Title page for ETD etd-12262008-135259


Type of Document Dissertation
Author Shende, Apoorva Ram
Author's Email Address apoorva@vt.edu
URN etd-12262008-135259
Title Optimization based nonlinear feedback control for pedestrian evacuation from a network of corridors.
Degree PhD
Department Engineering Science and Mechanics
Advisory Committee
Advisor Name Title
Singh, Mahendra P. Committee Chair
Kachroo, Pushkin Committee Co-Chair
Bates, Robert C. Committee Member
Cramer, Mark S. Committee Member
Ragab, Saad A. Committee Member
Keywords
  • Evacuation
  • Optimization
  • Conservation of mass
  • Control
  • Network
Date of Defense 2008-12-16
Availability unrestricted
Abstract
An organized evacuation of pedestrians entrapped in a building in emergencies such as those caused by fire, bomb blast, or intentional or unintentional release of toxins in the environment is of utmost importance.
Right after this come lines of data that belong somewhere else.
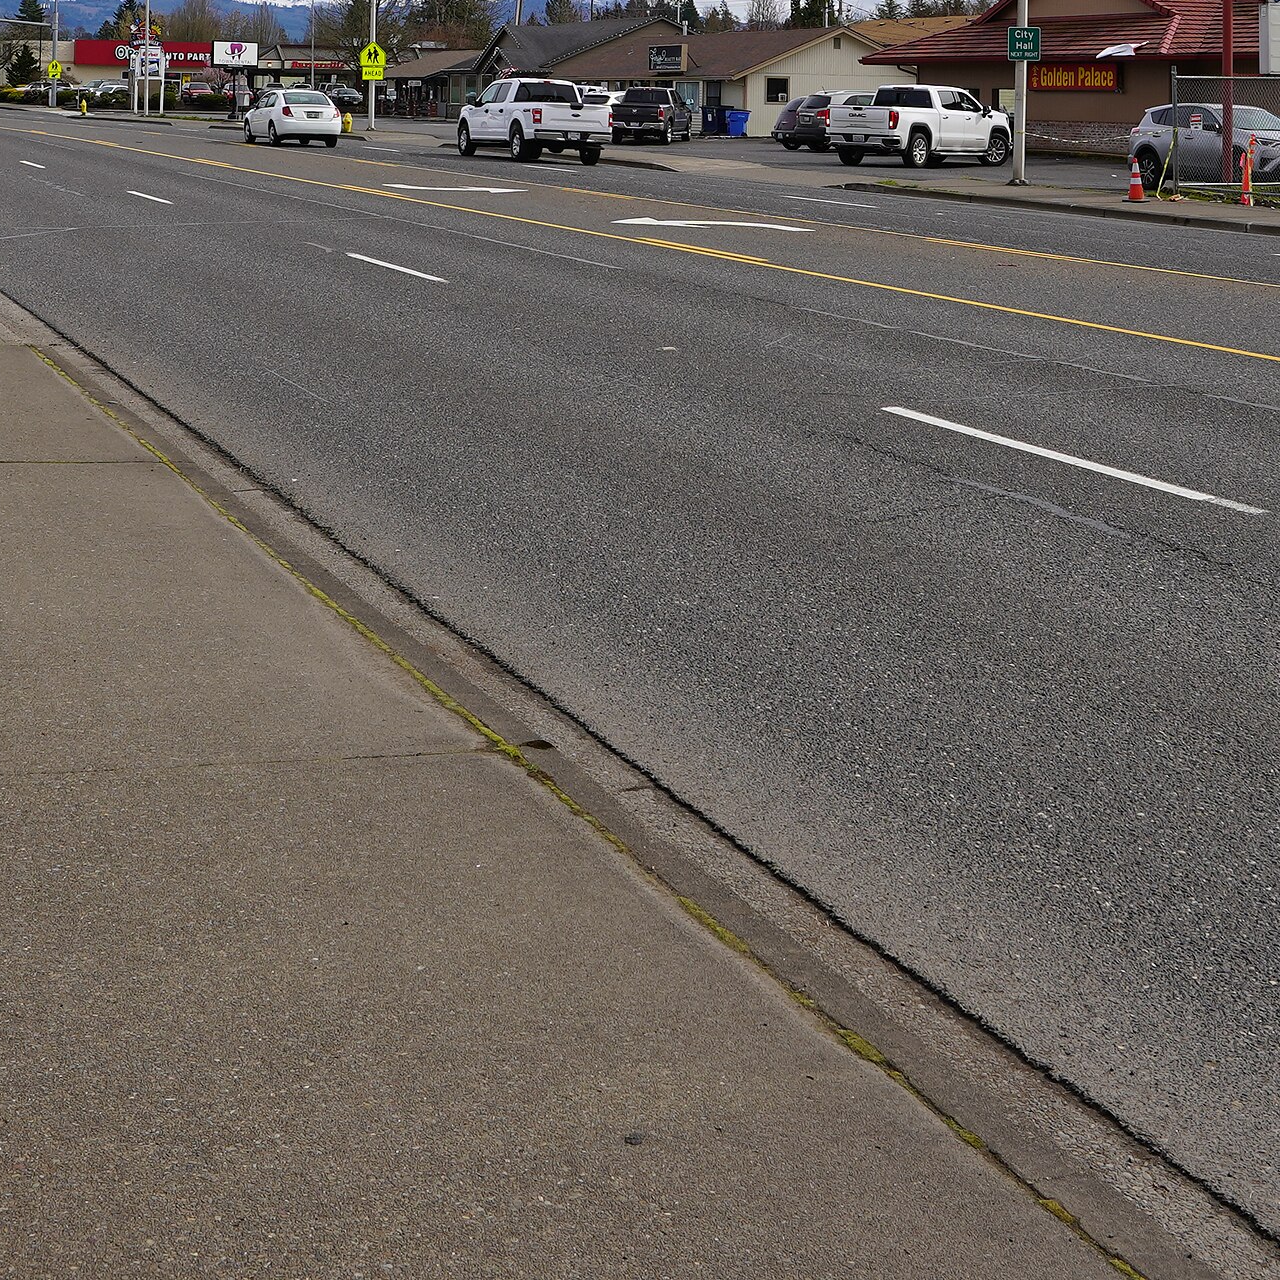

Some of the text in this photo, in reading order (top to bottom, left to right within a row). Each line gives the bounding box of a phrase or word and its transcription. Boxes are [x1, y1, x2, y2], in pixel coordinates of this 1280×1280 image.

[1014, 30, 1034, 40] City
[1015, 41, 1033, 50] Hall
[166, 52, 184, 61] UTO
[187, 52, 211, 61] PART
[1040, 66, 1114, 87] Golden Palace
The focus of this study is on the development of a formal control methodology for an orderly and jam-free evacuation of pedestrians entrapped in a network of corridors in buildings in such emergency situations. To develop an effective solution, the pedestrian evacuation from a network of corridors is divided into two basic problems of flow routing and flow control. In this study the solutions of these two basic problems are developed.
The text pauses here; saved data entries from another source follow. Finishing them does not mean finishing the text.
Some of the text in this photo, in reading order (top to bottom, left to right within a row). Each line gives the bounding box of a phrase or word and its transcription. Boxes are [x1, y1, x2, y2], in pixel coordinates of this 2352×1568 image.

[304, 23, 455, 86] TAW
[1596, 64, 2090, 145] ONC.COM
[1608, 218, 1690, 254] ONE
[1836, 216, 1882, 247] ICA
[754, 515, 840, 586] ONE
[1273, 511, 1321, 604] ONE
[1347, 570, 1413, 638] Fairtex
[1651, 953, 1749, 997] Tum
The proposed solution for the flow routing problem is based on the concept of shortest paths on a graph wherein the shortest paths are determined by the dynamic programming approach. The proposed approach can be used to determine the static shortest paths that are commonly displayed as evacuation routes in the buildings. The approach can also be used to determine the real-time evacuation routes if the real-time changes in the passage conditions are monitored. Such monitoring will usually consist of quantitative assessments of the congestion enroute and of the corridor availabilities along the evacuation paths. Based on these assessments one could compute either the shortest-distance-to-exit paths using the actual corridor lengths or shortest-time-to-exit paths using the congestion based corridor traverse time estimates. The application of the proposed shortest path routing scheme is demonstrated on a realistic problem of evacuation of pedestrians from a large network of corridors in a building consisting of multiple floors and multiple exits.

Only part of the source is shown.